━━━ EXTRACTED MATERIAL

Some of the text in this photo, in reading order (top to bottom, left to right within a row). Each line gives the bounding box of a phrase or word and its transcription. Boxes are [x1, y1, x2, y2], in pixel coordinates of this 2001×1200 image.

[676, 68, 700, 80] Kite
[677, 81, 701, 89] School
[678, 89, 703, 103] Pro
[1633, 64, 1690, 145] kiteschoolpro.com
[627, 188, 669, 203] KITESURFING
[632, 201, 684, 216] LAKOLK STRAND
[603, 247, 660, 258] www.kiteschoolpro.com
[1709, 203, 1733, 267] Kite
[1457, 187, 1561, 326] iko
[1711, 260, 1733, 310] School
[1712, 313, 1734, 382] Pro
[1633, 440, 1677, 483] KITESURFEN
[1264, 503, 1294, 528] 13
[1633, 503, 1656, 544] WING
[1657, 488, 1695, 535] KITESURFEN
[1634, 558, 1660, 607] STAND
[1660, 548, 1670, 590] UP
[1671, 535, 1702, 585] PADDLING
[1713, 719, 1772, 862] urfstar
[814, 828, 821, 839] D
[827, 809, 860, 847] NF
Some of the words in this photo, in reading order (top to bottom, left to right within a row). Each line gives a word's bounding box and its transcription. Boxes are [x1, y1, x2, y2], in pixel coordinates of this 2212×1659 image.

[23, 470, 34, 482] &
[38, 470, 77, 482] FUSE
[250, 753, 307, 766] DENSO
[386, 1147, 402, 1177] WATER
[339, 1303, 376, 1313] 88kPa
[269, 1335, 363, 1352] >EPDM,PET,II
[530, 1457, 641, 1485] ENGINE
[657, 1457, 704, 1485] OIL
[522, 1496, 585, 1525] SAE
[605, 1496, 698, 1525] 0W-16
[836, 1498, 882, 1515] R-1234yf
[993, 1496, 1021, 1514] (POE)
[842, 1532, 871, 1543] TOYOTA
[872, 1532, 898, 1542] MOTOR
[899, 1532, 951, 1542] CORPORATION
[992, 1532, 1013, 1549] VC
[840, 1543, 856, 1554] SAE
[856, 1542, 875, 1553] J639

━━━━━━

Please copy the line that holds "Some of the words" and each line under it through the last line above, exactly as they stand, adding nothing.

COMPLETED EXERCISE ▸
Some of the words in this photo, in reading order (top to bottom, left to right within a row). Each line gives a word's bounding box and its transcription. Boxes are [x1, y1, x2, y2], in pixel coordinates of this 2212×1659 image.

[23, 470, 34, 482] &
[38, 470, 77, 482] FUSE
[250, 753, 307, 766] DENSO
[386, 1147, 402, 1177] WATER
[339, 1303, 376, 1313] 88kPa
[269, 1335, 363, 1352] >EPDM,PET,II
[530, 1457, 641, 1485] ENGINE
[657, 1457, 704, 1485] OIL
[522, 1496, 585, 1525] SAE
[605, 1496, 698, 1525] 0W-16
[836, 1498, 882, 1515] R-1234yf
[993, 1496, 1021, 1514] (POE)
[842, 1532, 871, 1543] TOYOTA
[872, 1532, 898, 1542] MOTOR
[899, 1532, 951, 1542] CORPORATION
[992, 1532, 1013, 1549] VC
[840, 1543, 856, 1554] SAE
[856, 1542, 875, 1553] J639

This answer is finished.